Impression Healthcare (ASX: IHL) has begun the first clinical trial to assess the effectiveness of its cannabidiol (CBD) based drug IHL-675A against sepsis associated acute respiratory distress syndrome (SAARDS), the leading cause of death related to COVID-19 infections.
This first trial is an animal study that involves using the drug to treat rodents with induced sepsis, also known as septic shock or septicaemia.
IHL-675A is a combination drug comprised of CBD and hydroxychloroquine, a historical treatment for malaria. The medical cannabis developer first unveiled the drug to the market in April, announcing it had filed a provisional patent over IHL-675A for SAARDS with the Australian Patent Office.
A leading cause of mortality
Sepsis occurs when the immune system overreacts to an infection, producing excessive levels of cytokines, which are signalling molecules that attract immune cells.
“Elevated levels of those cells secrete more cytokines, and this “cytokine storm” recruits even more immune cells, fuelling a cascading cycle that eventually damages the host tissues and organs,” Impression stated.
When the lungs are damaged by this hyperinflammatory response, SAARDS occurs. The condition is characterised by widespread inflammation of the lungs, also known as pneumonia or wet lung, which inhibits the patient’s ability to oxygenate blood.
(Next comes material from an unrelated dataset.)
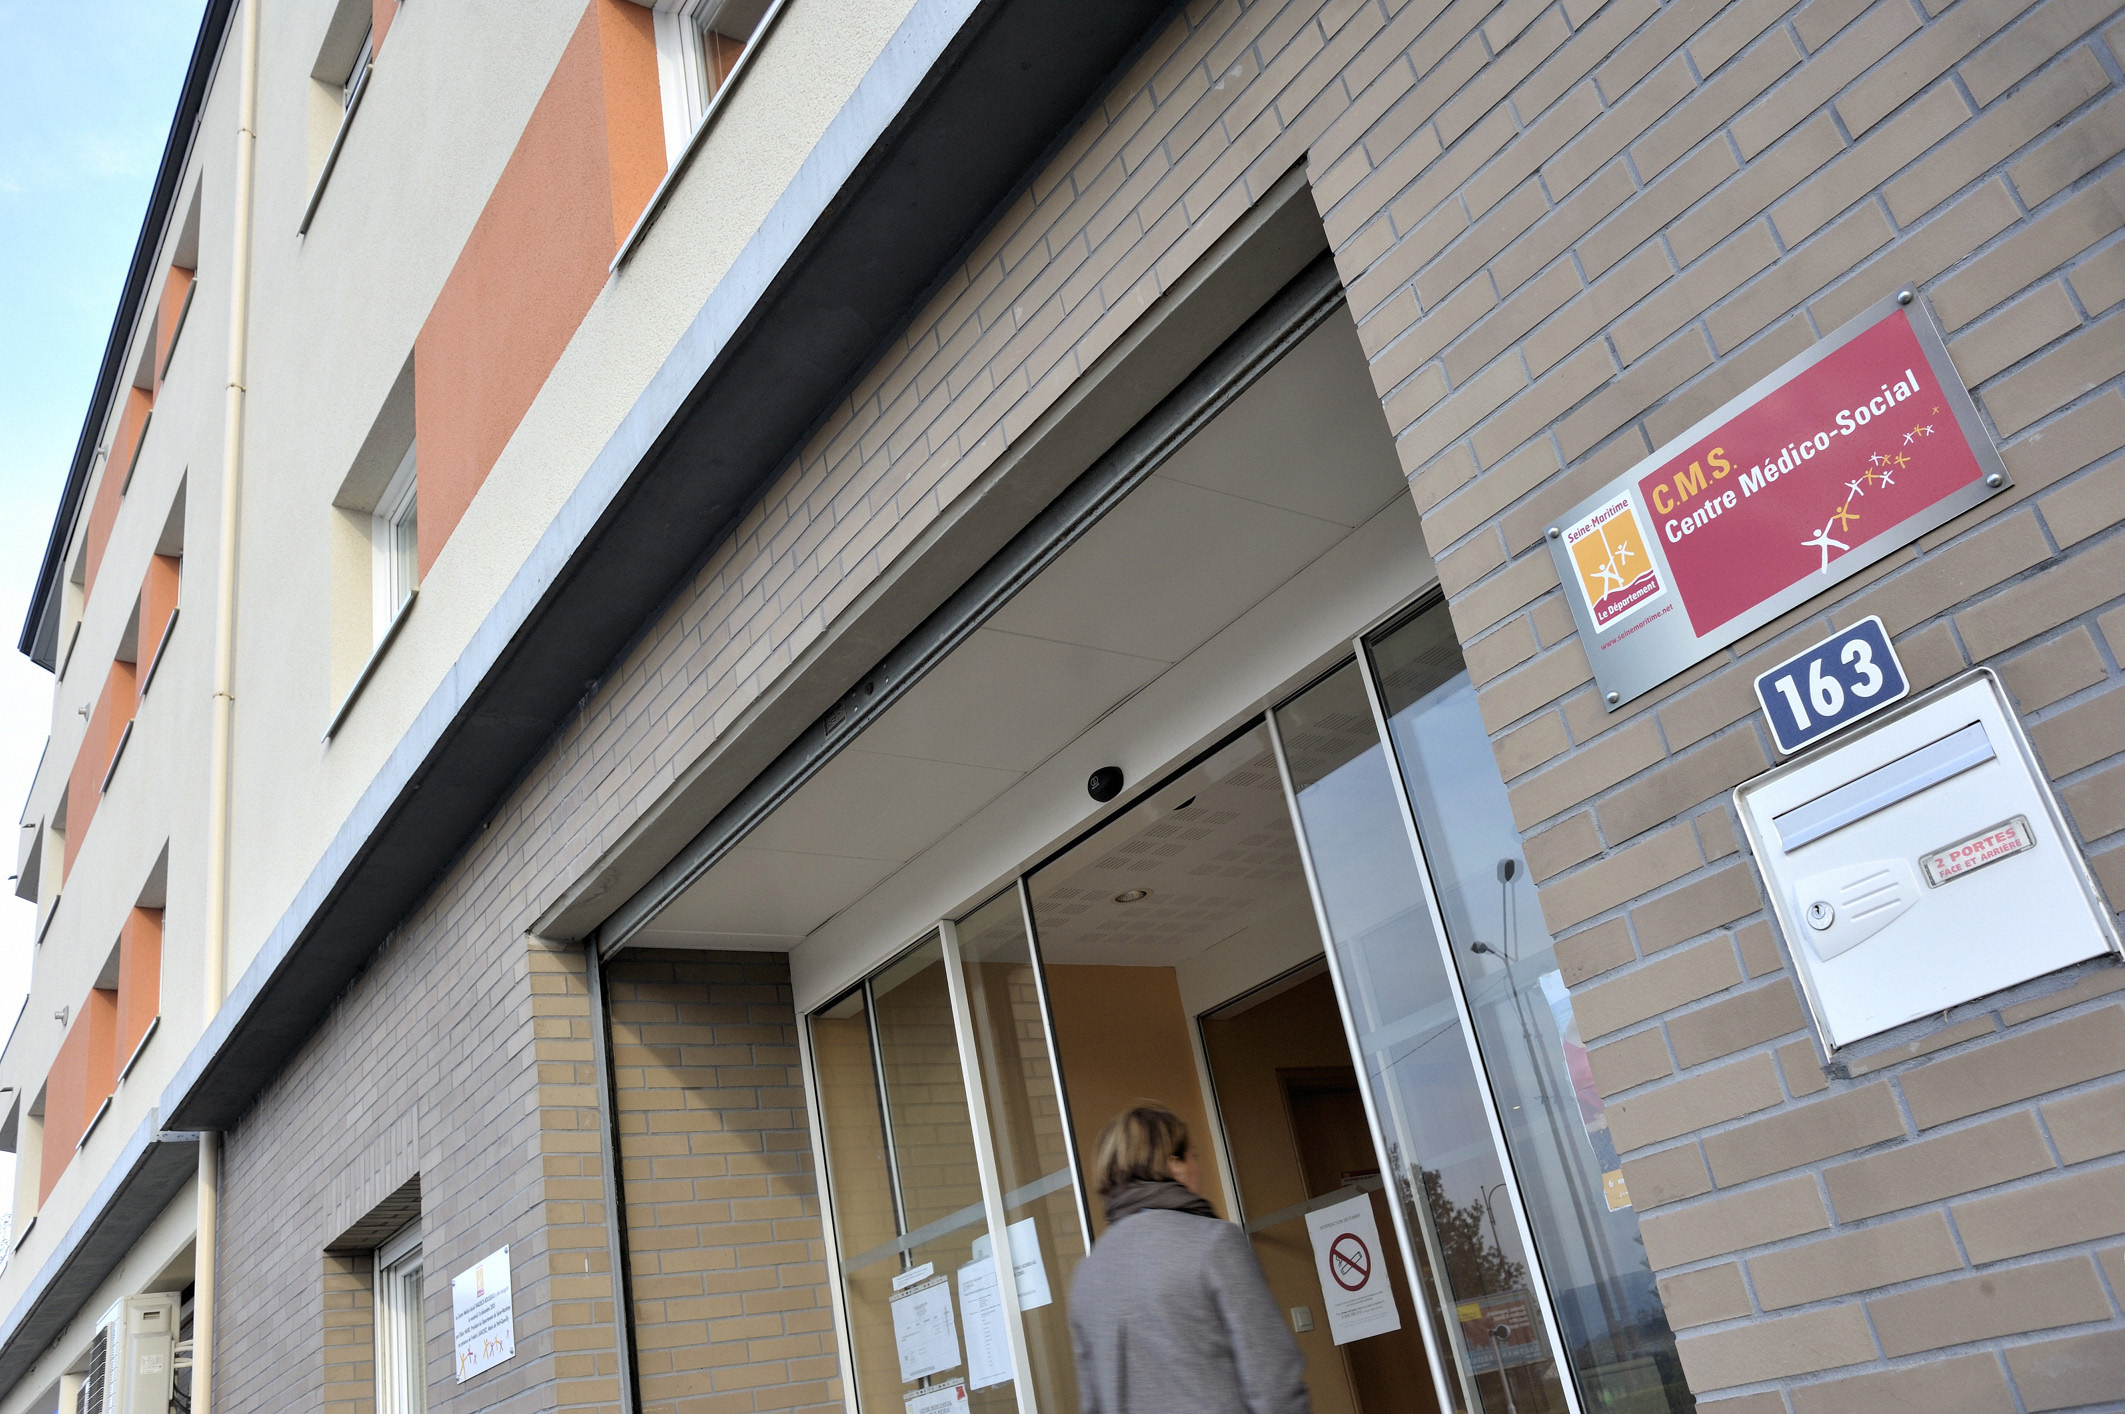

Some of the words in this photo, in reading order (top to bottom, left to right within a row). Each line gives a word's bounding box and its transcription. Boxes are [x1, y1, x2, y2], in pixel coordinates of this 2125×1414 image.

According to Impression, SAARDS is regarded as the leading cause of death associated with the COVID-19 coronavirus infection.
SAARDS is also considered a leading cause of mortality associated with other lung, urinary tract, stomach and skin infections.
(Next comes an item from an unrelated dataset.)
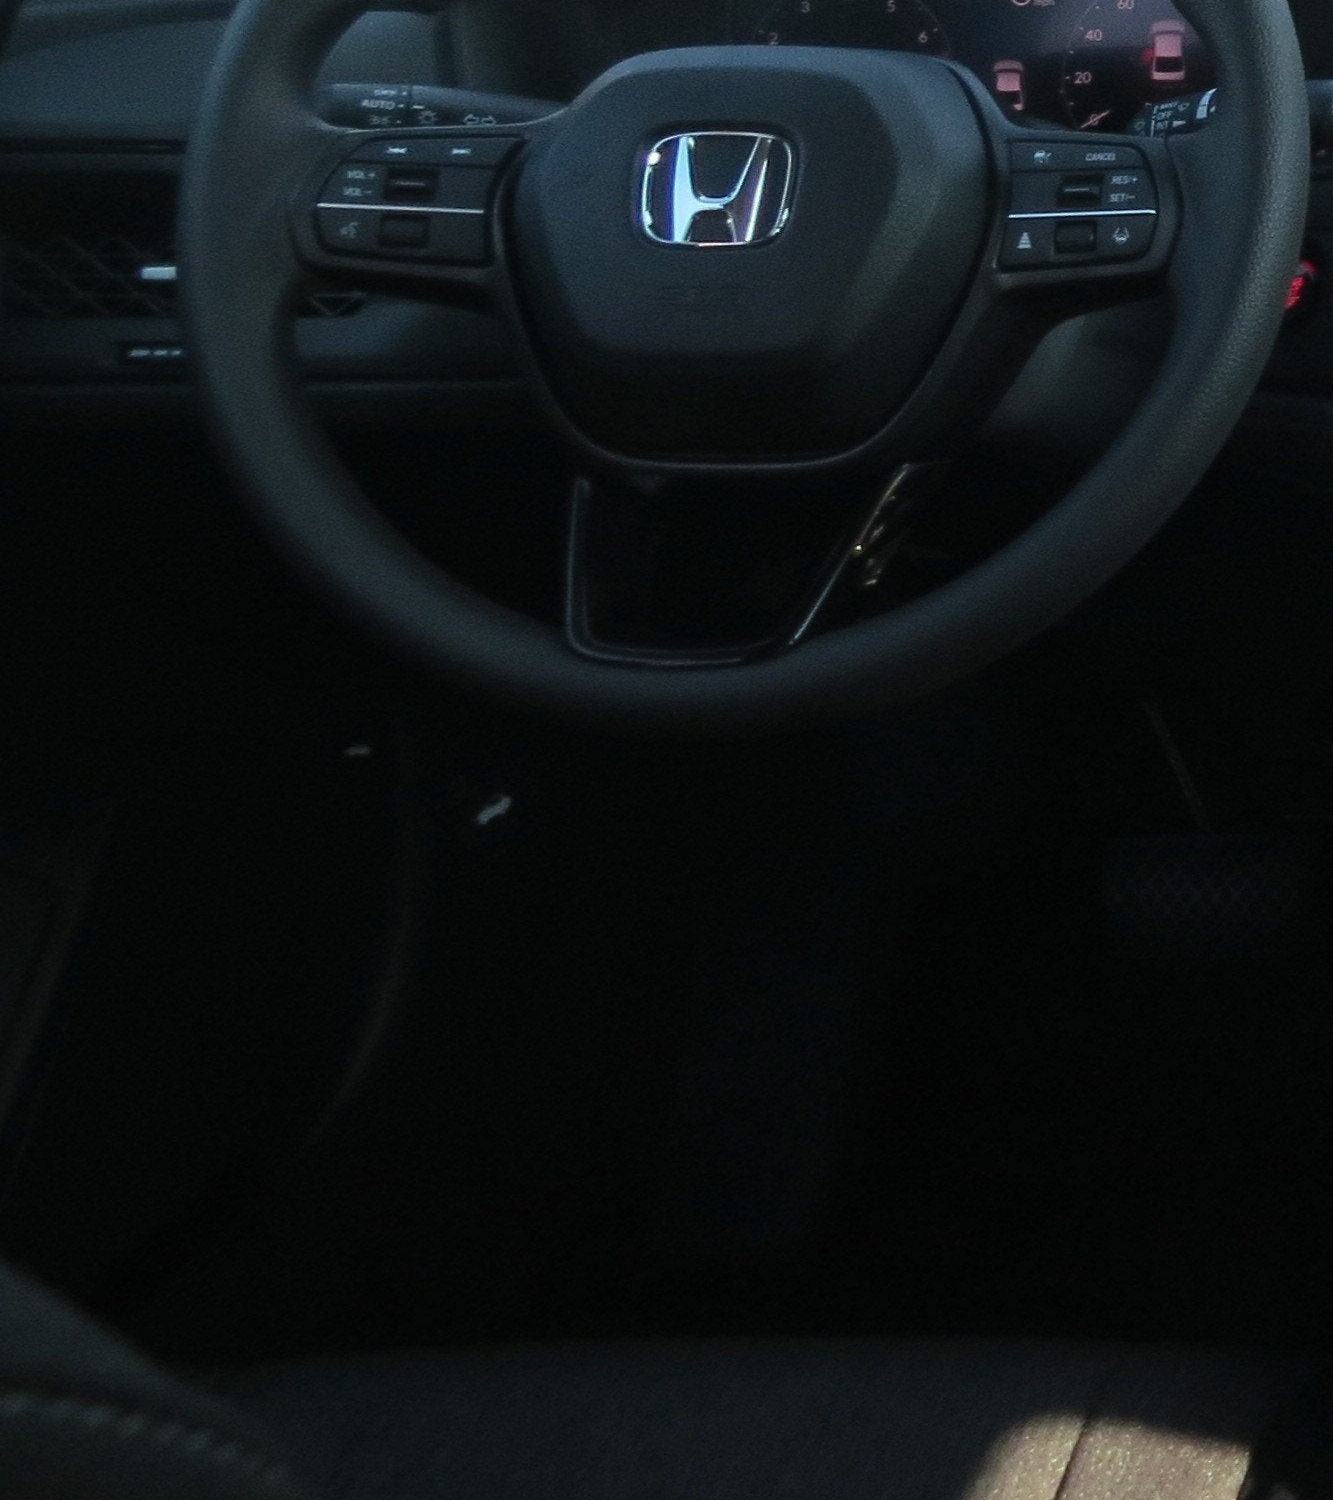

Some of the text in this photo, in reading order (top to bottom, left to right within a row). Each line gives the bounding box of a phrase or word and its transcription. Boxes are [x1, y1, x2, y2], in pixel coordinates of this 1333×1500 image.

IHL-675A is hypothesised to limit the progression of infections to sepsis hyperinflammation caused by the “cytokine storm” feedback loop.
Impression described its latest trial as “two-pronged”, starting with an initial 17-arm dose escalation study to assess the dose response of the individual components of IHL-675A in animal models with induced sepsis.
The second stage of the trial will use the learnings of stage one to investigate the “optimal inflammation dampening response” of the drug by studying specific combinations of CBD and hydroxychloroquine.
In particular, the study will investigate IHL-675A on the mechanisms of inflammation in septic shock by assaying cytokine levels from blood collected across the cohorts of rodents over the two stages of the study.
Impression said results from stage one of the study are anticipated in about four to six weeks.
If a successful proof of concept in animal studies can be established, the company has been advised that IHL-675A could be a good candidate for the US Food and Drug Administration’s Emergency Use Authorisation (EUA) approval channel resulting from the COVID-19 pandemic.
“Thereafter, the company intends to conduct in-human testing concurrent with active patient prescription under EUA and Special Access Schemes globally,” Impression said in a May market update.
Current treatment for SAARDS
Impression said there has been a significant unmet need in the treatment for SAARDS for “many decades”.
The current best treatment is the use of oxygen ventilators to treat symptoms of acute respiratory distress syndrome, but this does not treat the underlying cause (sepsis).
“There is currently no registered pharmacotherapy (drug) treatment for SAARDS; however, the global medical community continues to investigate numerous drug treatments in its search for a new standard of care in response to COVID-19 coronavirus,” the company stated.